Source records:
◇ ◇ ◇
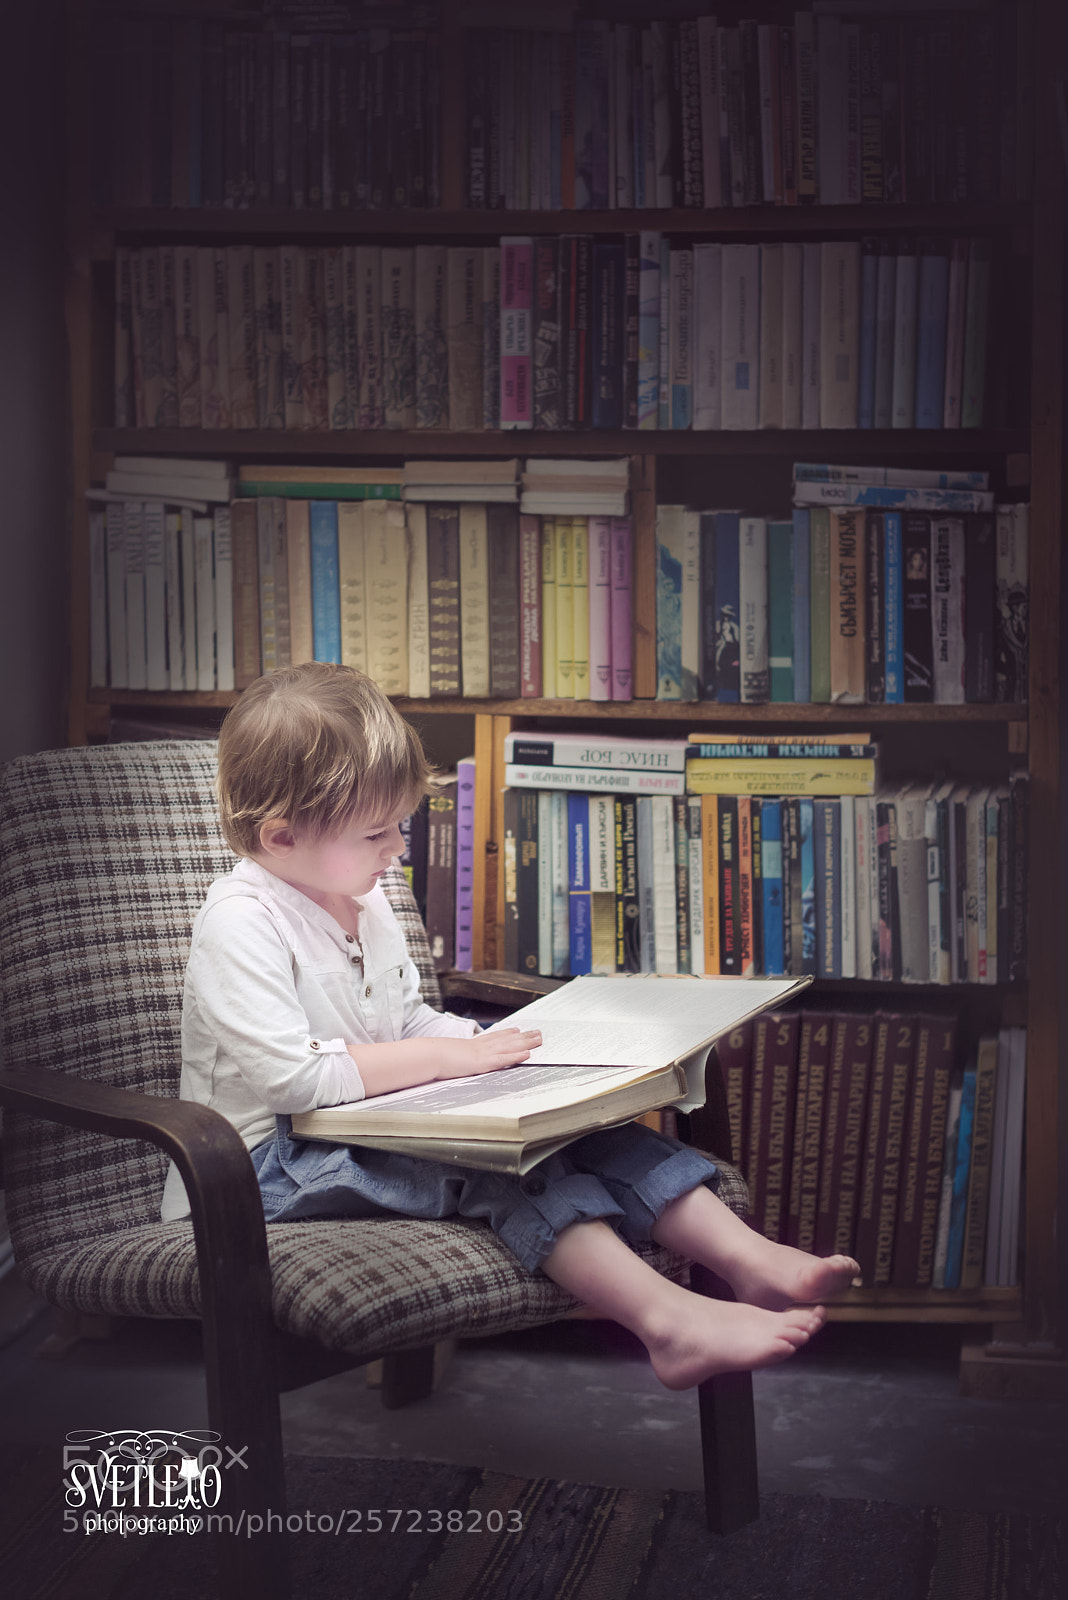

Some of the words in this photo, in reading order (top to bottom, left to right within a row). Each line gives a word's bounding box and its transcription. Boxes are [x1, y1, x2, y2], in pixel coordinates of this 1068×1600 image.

[801, 143, 812, 181] АРТЪР
[675, 315, 689, 381] Големите
[838, 514, 857, 559] МОЪМ
[839, 563, 857, 638] СЪМЪРСЕТ
[523, 607, 531, 681] АЛЕКСАНДЪР
[580, 750, 612, 764] БОР
[620, 751, 669, 768] НИЛС
[700, 744, 768, 758] ИСТОРИИ
[777, 744, 841, 757] МОРСКИ
[532, 771, 573, 785] ЛЕОНАРДО
[575, 774, 585, 785] НА
[588, 775, 630, 788] ШИФЪРЪТ
[598, 801, 607, 840] ХЪКСЛИ
[599, 839, 607, 848] И
[600, 849, 609, 889] ДАРВИН
[691, 841, 700, 885] ФОРСАЙТ
[692, 889, 702, 936] ФРЕДЕРИК
[726, 908, 733, 918] ЗА
[726, 920, 734, 953] ТРУДЕН
[728, 1028, 744, 1049] 6
[776, 1024, 791, 1046] 5
[813, 1024, 828, 1046] 4
[856, 1025, 870, 1047] 3
[897, 1026, 911, 1048] 2
[943, 1032, 952, 1051] 1
[768, 1065, 789, 1158] БЪЛГАРИЯ
[804, 1064, 824, 1158] БЪЛГАРИЯ
[842, 1062, 866, 1154] БЪЛГАРИЯ
[885, 1063, 908, 1159] БЪЛГАРИЯ
[927, 1068, 949, 1163] БЪЛГАРИЯ
[766, 1162, 783, 1188] НА
[801, 1160, 818, 1188] НА
[840, 1157, 858, 1184] НА
[881, 1163, 900, 1189] НА
[924, 1166, 941, 1193] НА
[873, 1194, 897, 1284] ИСТОРИЯ
[917, 1198, 937, 1284] ИСТОРИЯ
◇ ◇ ◇
What is expected: Reproduce the data verbatim and omit each image.

Expected answer:
Some of the words in this photo, in reading order (top to bottom, left to right within a row). Each line gives a word's bounding box and its transcription. Boxes are [x1, y1, x2, y2], in pixel coordinates of this 1068×1600 image.

[801, 143, 812, 181] АРТЪР
[675, 315, 689, 381] Големите
[838, 514, 857, 559] МОЪМ
[839, 563, 857, 638] СЪМЪРСЕТ
[523, 607, 531, 681] АЛЕКСАНДЪР
[580, 750, 612, 764] БОР
[620, 751, 669, 768] НИЛС
[700, 744, 768, 758] ИСТОРИИ
[777, 744, 841, 757] МОРСКИ
[532, 771, 573, 785] ЛЕОНАРДО
[575, 774, 585, 785] НА
[588, 775, 630, 788] ШИФЪРЪТ
[598, 801, 607, 840] ХЪКСЛИ
[599, 839, 607, 848] И
[600, 849, 609, 889] ДАРВИН
[691, 841, 700, 885] ФОРСАЙТ
[692, 889, 702, 936] ФРЕДЕРИК
[726, 908, 733, 918] ЗА
[726, 920, 734, 953] ТРУДЕН
[728, 1028, 744, 1049] 6
[776, 1024, 791, 1046] 5
[813, 1024, 828, 1046] 4
[856, 1025, 870, 1047] 3
[897, 1026, 911, 1048] 2
[943, 1032, 952, 1051] 1
[768, 1065, 789, 1158] БЪЛГАРИЯ
[804, 1064, 824, 1158] БЪЛГАРИЯ
[842, 1062, 866, 1154] БЪЛГАРИЯ
[885, 1063, 908, 1159] БЪЛГАРИЯ
[927, 1068, 949, 1163] БЪЛГАРИЯ
[766, 1162, 783, 1188] НА
[801, 1160, 818, 1188] НА
[840, 1157, 858, 1184] НА
[881, 1163, 900, 1189] НА
[924, 1166, 941, 1193] НА
[873, 1194, 897, 1284] ИСТОРИЯ
[917, 1198, 937, 1284] ИСТОРИЯ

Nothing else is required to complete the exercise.